For snow-lovers to begin the next work-week, it just may be.

In previous blog posts, I discussed the trough that will eject from the west to end the month of February and the potential ramifications over the central and eastern US, which include a swath of accumulating snows and potentially severe weather.

The above capture of the 12z European model (ECMWF) ensemble means shows what the landscape will look like following the weekend storm over the northeast US that has been discussed in previous posts. The weekend storm, by most accounts, will deepen significantly over southeastern Canada and temporarily raise heights over the Davis Strait, allowing for a transient psuedo -NAO and 50/50 low to form Sunday before the fast nature of the pattern forces the NAO to return to a positive state and heights to rise over the eastern US.

At the same time, ridging will thumb its way into southern Alaska and help carve out a trough over the Rockies. This trough will eject east into the central and eventually northeastern US starting Sunday, but it now appears the trough will eject east in pieces, resulting in more than one low pressure riding through the northern tier of the central US/southern Canada as opposed to one large storm cutting through the upper Midwest.

The first piece of energy will eject Sunday and reach Ontario by Monday evening. As one would expect, there are some variable model solutions with this ejecting energy…

The 12z ECM shows a storm that ejects from the TX/OK Panhandle area and moves ENE into WI before deepening and cutting northeastward into the UP of MI by Monday evening. This solution would bring a swath of snow to the northern Plains east into northern IA, southern and eastern MN and a good chunk of WI and northern MI.

The 12z GFS was not much different than the 12z ECM in the end…the GFS is a bit north with the low track early on and does not cut the low to the northwest of the Great Lakes as sharply as the ECM does, but the end tracks and end results are not too far off. It should be noted however that the GFS is several hours faster in taking the low pressure east than the ECM.

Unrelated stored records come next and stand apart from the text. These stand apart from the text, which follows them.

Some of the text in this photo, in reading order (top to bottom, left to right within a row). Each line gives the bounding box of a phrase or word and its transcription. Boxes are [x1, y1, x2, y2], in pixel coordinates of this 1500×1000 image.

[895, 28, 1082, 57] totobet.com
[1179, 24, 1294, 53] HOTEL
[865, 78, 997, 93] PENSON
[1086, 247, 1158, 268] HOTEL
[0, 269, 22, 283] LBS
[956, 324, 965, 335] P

The 12z GFS ensembles however show more variation than the operational GFS/ECM have in their solutions. The ensembles show a wide range of solutions, from a weaker storm that ejects faster and tracks a bit farther south, to a wound up solution over the western lakes by Monday morning like the operational models are currently showing, to in one case almost no storm at all.

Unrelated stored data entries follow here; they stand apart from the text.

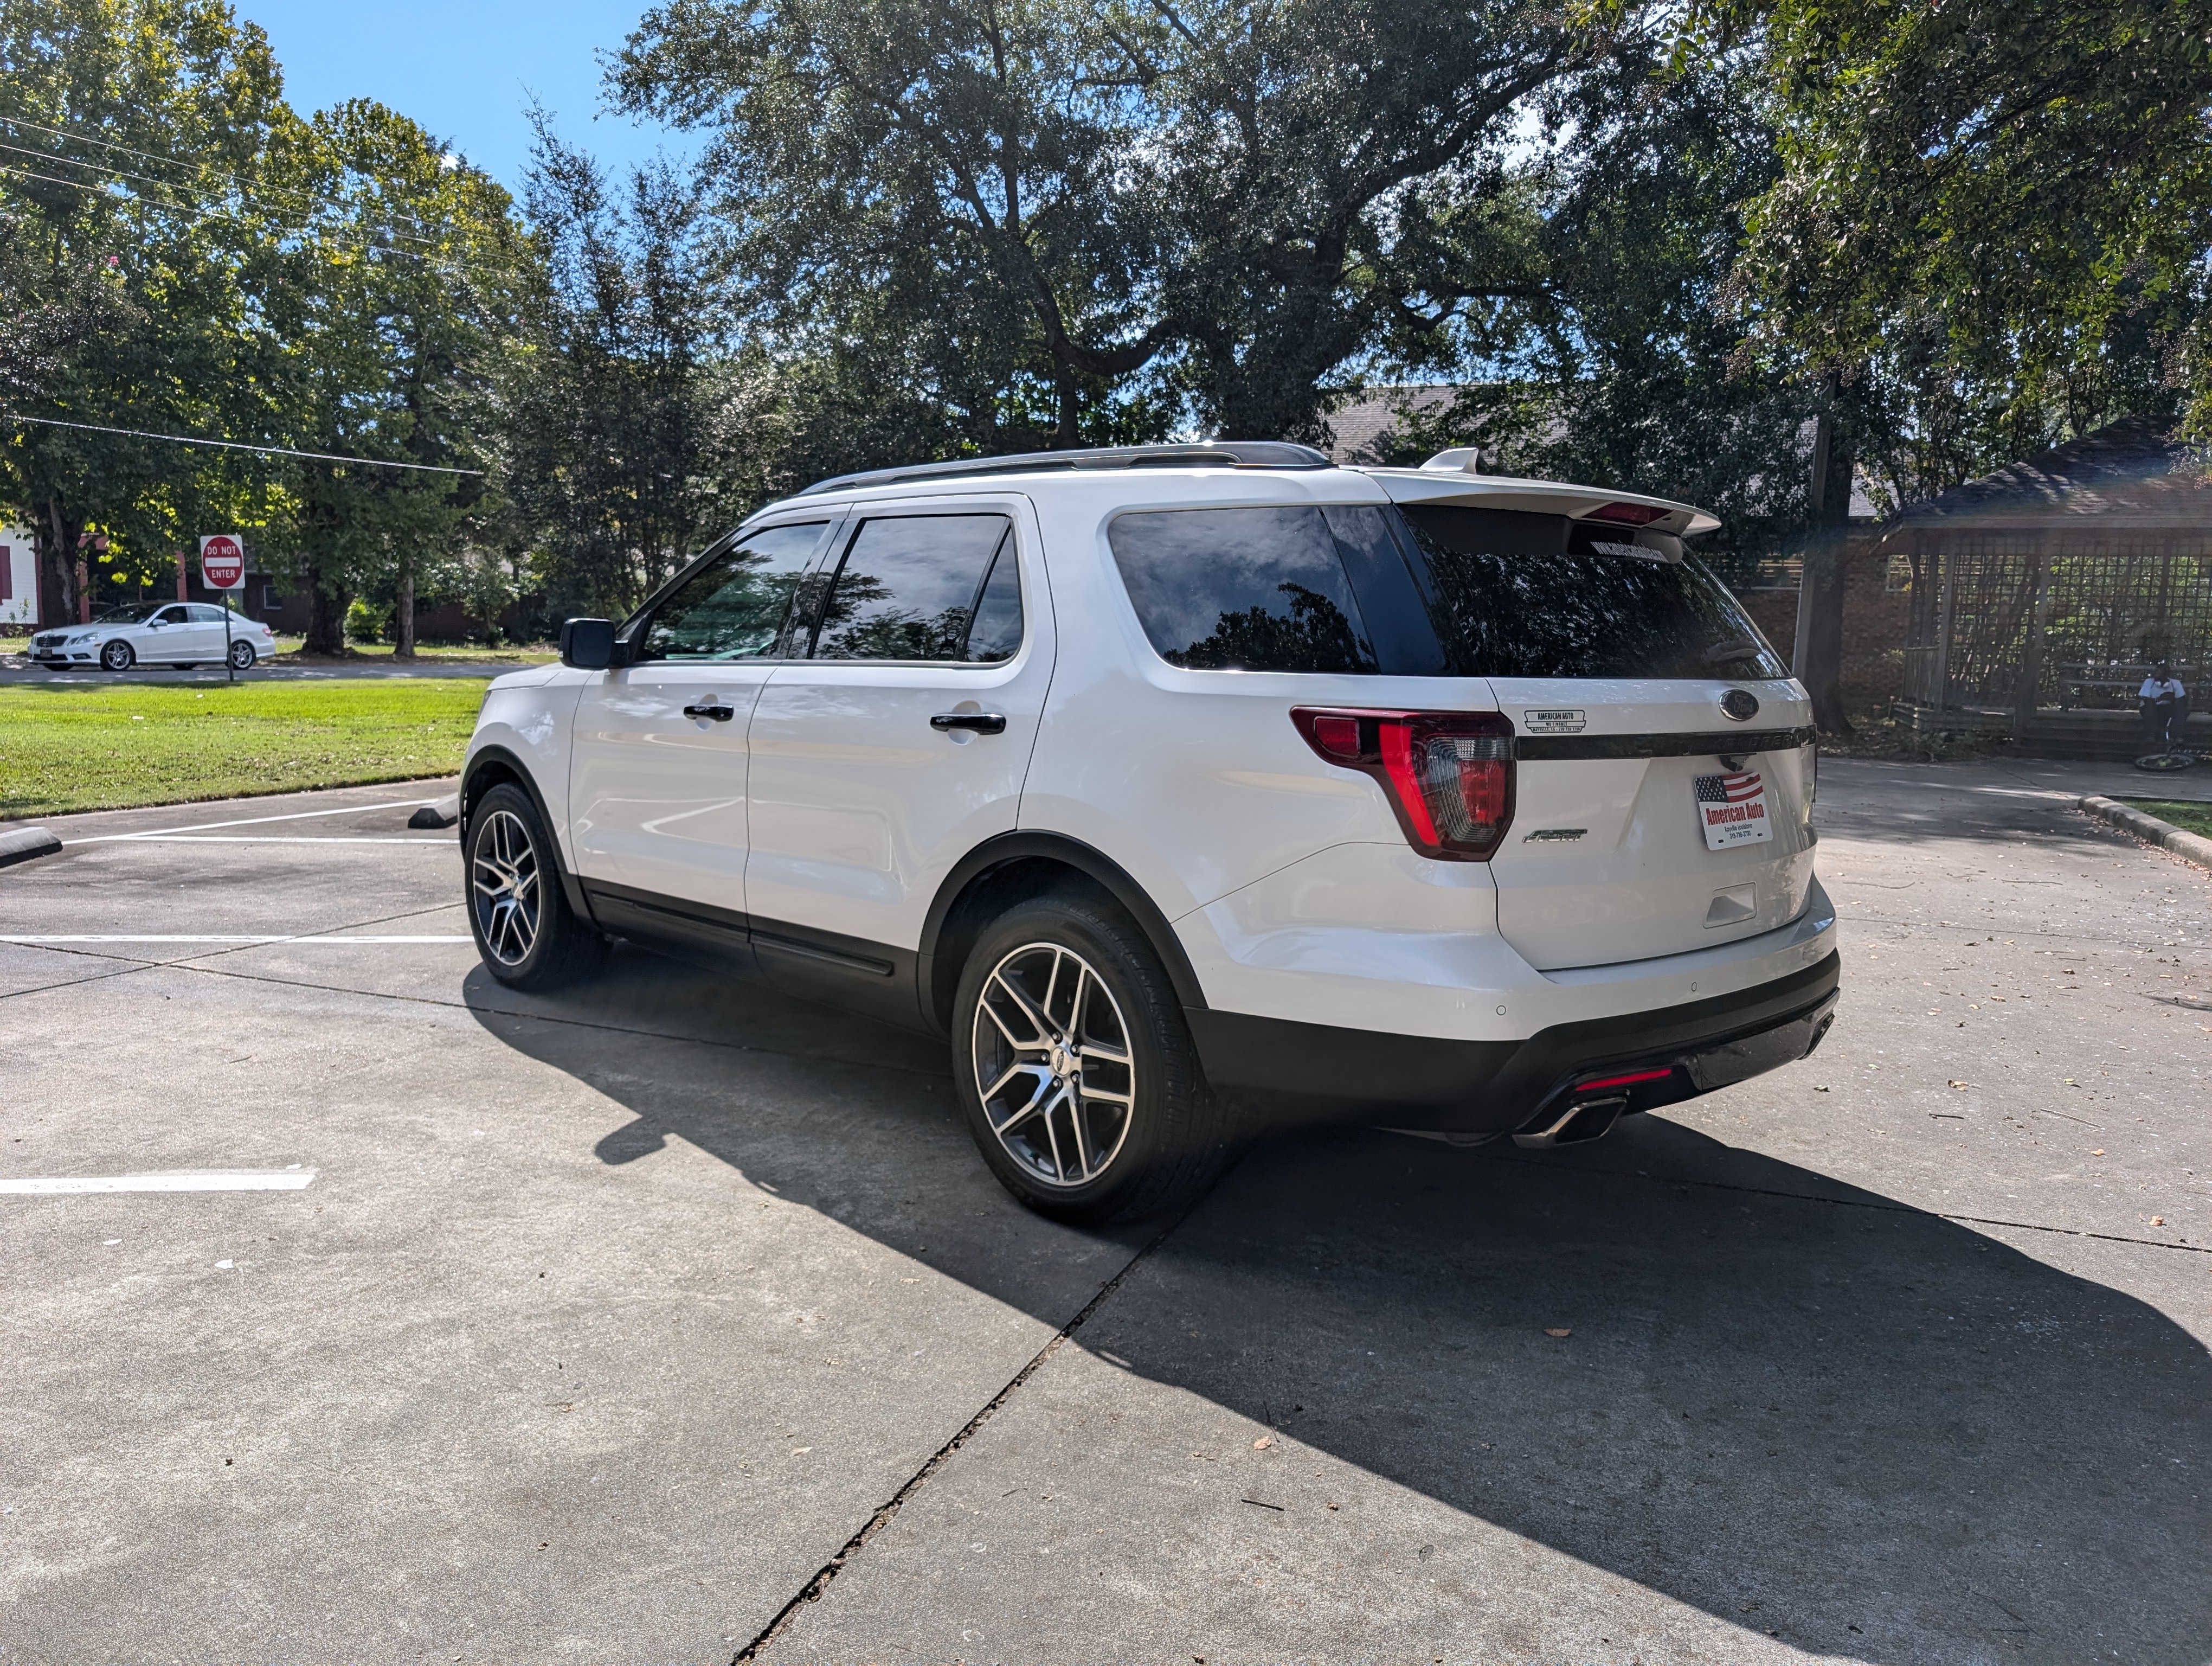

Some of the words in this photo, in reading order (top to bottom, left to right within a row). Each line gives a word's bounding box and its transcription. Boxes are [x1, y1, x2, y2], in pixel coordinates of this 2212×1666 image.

[207, 546, 217, 555] DO
[221, 546, 236, 555] NOT
[211, 569, 235, 579] ENTER
[1706, 805, 1746, 826] American
[1745, 802, 1765, 820] Auto

The 12z ECM ensemble mean shows a solution that is a bit faster and a bit flatter than both of the operational models, which seems to be the trend amongst the GFS ensembles as well, sans a few members.

So, what solution is most likely?

My initial inclination would be to expect the slightly more progressive (faster) and farther south solution with less of a hook north into Lake Superior than the operational models show. When referencing the large scale pattern shown in the European model ensemble mean to open the post, my logic is fairly simple:

Although brief, confluence from the departing storm over eastern Canada will favor a high pressure over south-central Canada that will make it hard for a storm to hook north.

However, there are some factors that may allow for the more NW track to win out…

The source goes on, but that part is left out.